To do: Write all of the entries again. Keep them exactly as they are.

Exercise input:
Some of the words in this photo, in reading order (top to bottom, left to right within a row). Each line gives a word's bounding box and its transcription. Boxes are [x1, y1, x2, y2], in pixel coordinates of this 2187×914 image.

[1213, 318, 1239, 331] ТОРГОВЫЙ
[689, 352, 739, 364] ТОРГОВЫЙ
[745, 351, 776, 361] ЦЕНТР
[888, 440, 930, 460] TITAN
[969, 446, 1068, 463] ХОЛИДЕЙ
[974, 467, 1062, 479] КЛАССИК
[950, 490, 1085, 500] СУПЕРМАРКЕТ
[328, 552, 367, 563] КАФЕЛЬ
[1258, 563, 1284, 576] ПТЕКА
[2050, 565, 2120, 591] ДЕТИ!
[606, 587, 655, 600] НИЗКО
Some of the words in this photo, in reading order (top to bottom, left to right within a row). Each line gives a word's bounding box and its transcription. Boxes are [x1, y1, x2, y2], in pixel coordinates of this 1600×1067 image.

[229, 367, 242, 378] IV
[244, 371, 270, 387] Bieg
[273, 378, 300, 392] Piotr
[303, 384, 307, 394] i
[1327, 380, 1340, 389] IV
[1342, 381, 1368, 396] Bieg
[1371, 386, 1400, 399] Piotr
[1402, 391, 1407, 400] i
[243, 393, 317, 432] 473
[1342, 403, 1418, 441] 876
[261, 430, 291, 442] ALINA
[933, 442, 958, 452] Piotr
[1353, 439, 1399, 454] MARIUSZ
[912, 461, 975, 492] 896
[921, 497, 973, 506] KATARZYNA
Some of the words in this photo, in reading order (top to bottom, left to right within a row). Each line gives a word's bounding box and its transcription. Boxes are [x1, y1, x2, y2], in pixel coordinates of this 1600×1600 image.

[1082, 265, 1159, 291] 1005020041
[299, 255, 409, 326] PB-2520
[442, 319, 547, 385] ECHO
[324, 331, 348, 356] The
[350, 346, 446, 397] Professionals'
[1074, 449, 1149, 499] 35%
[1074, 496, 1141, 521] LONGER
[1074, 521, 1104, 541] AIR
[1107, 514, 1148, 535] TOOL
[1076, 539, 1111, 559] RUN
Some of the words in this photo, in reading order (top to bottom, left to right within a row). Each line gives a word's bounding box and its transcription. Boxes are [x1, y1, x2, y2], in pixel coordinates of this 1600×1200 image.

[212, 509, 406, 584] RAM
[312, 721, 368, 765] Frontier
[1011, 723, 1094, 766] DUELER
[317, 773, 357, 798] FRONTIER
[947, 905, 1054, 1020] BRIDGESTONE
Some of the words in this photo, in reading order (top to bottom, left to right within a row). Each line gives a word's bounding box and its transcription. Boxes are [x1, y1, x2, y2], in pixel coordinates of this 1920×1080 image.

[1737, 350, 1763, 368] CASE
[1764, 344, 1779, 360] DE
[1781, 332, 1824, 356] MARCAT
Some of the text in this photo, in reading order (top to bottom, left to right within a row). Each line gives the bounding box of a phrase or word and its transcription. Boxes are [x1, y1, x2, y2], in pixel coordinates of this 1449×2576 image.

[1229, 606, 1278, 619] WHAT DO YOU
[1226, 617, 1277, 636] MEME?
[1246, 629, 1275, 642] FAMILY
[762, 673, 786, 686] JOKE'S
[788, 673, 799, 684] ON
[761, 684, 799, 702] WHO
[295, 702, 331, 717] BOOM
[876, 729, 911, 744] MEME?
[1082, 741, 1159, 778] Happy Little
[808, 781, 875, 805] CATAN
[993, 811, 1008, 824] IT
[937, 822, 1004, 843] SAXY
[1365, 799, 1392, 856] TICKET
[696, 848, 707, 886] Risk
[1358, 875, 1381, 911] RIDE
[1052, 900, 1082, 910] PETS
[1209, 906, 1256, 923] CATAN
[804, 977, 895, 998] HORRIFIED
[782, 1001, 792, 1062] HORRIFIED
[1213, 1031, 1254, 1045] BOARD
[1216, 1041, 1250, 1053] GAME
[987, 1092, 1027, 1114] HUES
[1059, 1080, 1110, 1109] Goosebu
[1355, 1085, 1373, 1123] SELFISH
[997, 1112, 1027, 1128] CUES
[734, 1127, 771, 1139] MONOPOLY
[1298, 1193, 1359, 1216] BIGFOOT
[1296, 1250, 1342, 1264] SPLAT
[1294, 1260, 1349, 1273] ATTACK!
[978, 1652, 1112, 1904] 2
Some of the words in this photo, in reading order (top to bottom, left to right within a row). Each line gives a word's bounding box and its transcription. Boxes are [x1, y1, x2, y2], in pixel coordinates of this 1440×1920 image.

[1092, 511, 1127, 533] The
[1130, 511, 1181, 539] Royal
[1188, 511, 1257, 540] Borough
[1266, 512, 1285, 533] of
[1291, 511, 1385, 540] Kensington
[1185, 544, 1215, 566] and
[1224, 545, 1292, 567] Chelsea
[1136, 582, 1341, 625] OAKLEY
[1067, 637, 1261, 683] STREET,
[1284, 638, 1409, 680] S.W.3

Exercise solution:
Some of the words in this photo, in reading order (top to bottom, left to right within a row). Each line gives a word's bounding box and its transcription. Boxes are [x1, y1, x2, y2], in pixel coordinates of this 2187×914 image.

[1213, 318, 1239, 331] ТОРГОВЫЙ
[689, 352, 739, 364] ТОРГОВЫЙ
[745, 351, 776, 361] ЦЕНТР
[888, 440, 930, 460] TITAN
[969, 446, 1068, 463] ХОЛИДЕЙ
[974, 467, 1062, 479] КЛАССИК
[950, 490, 1085, 500] СУПЕРМАРКЕТ
[328, 552, 367, 563] КАФЕЛЬ
[1258, 563, 1284, 576] ПТЕКА
[2050, 565, 2120, 591] ДЕТИ!
[606, 587, 655, 600] НИЗКО
Some of the words in this photo, in reading order (top to bottom, left to right within a row). Each line gives a word's bounding box and its transcription. Boxes are [x1, y1, x2, y2], in pixel coordinates of this 1600×1067 image.

[229, 367, 242, 378] IV
[244, 371, 270, 387] Bieg
[273, 378, 300, 392] Piotr
[303, 384, 307, 394] i
[1327, 380, 1340, 389] IV
[1342, 381, 1368, 396] Bieg
[1371, 386, 1400, 399] Piotr
[1402, 391, 1407, 400] i
[243, 393, 317, 432] 473
[1342, 403, 1418, 441] 876
[261, 430, 291, 442] ALINA
[933, 442, 958, 452] Piotr
[1353, 439, 1399, 454] MARIUSZ
[912, 461, 975, 492] 896
[921, 497, 973, 506] KATARZYNA
Some of the words in this photo, in reading order (top to bottom, left to right within a row). Each line gives a word's bounding box and its transcription. Boxes are [x1, y1, x2, y2], in pixel coordinates of this 1600×1600 image.

[1082, 265, 1159, 291] 1005020041
[299, 255, 409, 326] PB-2520
[442, 319, 547, 385] ECHO
[324, 331, 348, 356] The
[350, 346, 446, 397] Professionals'
[1074, 449, 1149, 499] 35%
[1074, 496, 1141, 521] LONGER
[1074, 521, 1104, 541] AIR
[1107, 514, 1148, 535] TOOL
[1076, 539, 1111, 559] RUN
Some of the words in this photo, in reading order (top to bottom, left to right within a row). Each line gives a word's bounding box and its transcription. Boxes are [x1, y1, x2, y2], in pixel coordinates of this 1600×1200 image.

[212, 509, 406, 584] RAM
[312, 721, 368, 765] Frontier
[1011, 723, 1094, 766] DUELER
[317, 773, 357, 798] FRONTIER
[947, 905, 1054, 1020] BRIDGESTONE
Some of the words in this photo, in reading order (top to bottom, left to right within a row). Each line gives a word's bounding box and its transcription. Boxes are [x1, y1, x2, y2], in pixel coordinates of this 1920×1080 image.

[1737, 350, 1763, 368] CASE
[1764, 344, 1779, 360] DE
[1781, 332, 1824, 356] MARCAT
Some of the text in this photo, in reading order (top to bottom, left to right within a row). Each line gives the bounding box of a phrase or word and its transcription. Boxes are [x1, y1, x2, y2], in pixel coordinates of this 1449×2576 image.

[1229, 606, 1278, 619] WHAT DO YOU
[1226, 617, 1277, 636] MEME?
[1246, 629, 1275, 642] FAMILY
[762, 673, 786, 686] JOKE'S
[788, 673, 799, 684] ON
[761, 684, 799, 702] WHO
[295, 702, 331, 717] BOOM
[876, 729, 911, 744] MEME?
[1082, 741, 1159, 778] Happy Little
[808, 781, 875, 805] CATAN
[993, 811, 1008, 824] IT
[937, 822, 1004, 843] SAXY
[1365, 799, 1392, 856] TICKET
[696, 848, 707, 886] Risk
[1358, 875, 1381, 911] RIDE
[1052, 900, 1082, 910] PETS
[1209, 906, 1256, 923] CATAN
[804, 977, 895, 998] HORRIFIED
[782, 1001, 792, 1062] HORRIFIED
[1213, 1031, 1254, 1045] BOARD
[1216, 1041, 1250, 1053] GAME
[987, 1092, 1027, 1114] HUES
[1059, 1080, 1110, 1109] Goosebu
[1355, 1085, 1373, 1123] SELFISH
[997, 1112, 1027, 1128] CUES
[734, 1127, 771, 1139] MONOPOLY
[1298, 1193, 1359, 1216] BIGFOOT
[1296, 1250, 1342, 1264] SPLAT
[1294, 1260, 1349, 1273] ATTACK!
[978, 1652, 1112, 1904] 2
Some of the words in this photo, in reading order (top to bottom, left to right within a row). Each line gives a word's bounding box and its transcription. Boxes are [x1, y1, x2, y2], in pixel coordinates of this 1440×1920 image.

[1092, 511, 1127, 533] The
[1130, 511, 1181, 539] Royal
[1188, 511, 1257, 540] Borough
[1266, 512, 1285, 533] of
[1291, 511, 1385, 540] Kensington
[1185, 544, 1215, 566] and
[1224, 545, 1292, 567] Chelsea
[1136, 582, 1341, 625] OAKLEY
[1067, 637, 1261, 683] STREET,
[1284, 638, 1409, 680] S.W.3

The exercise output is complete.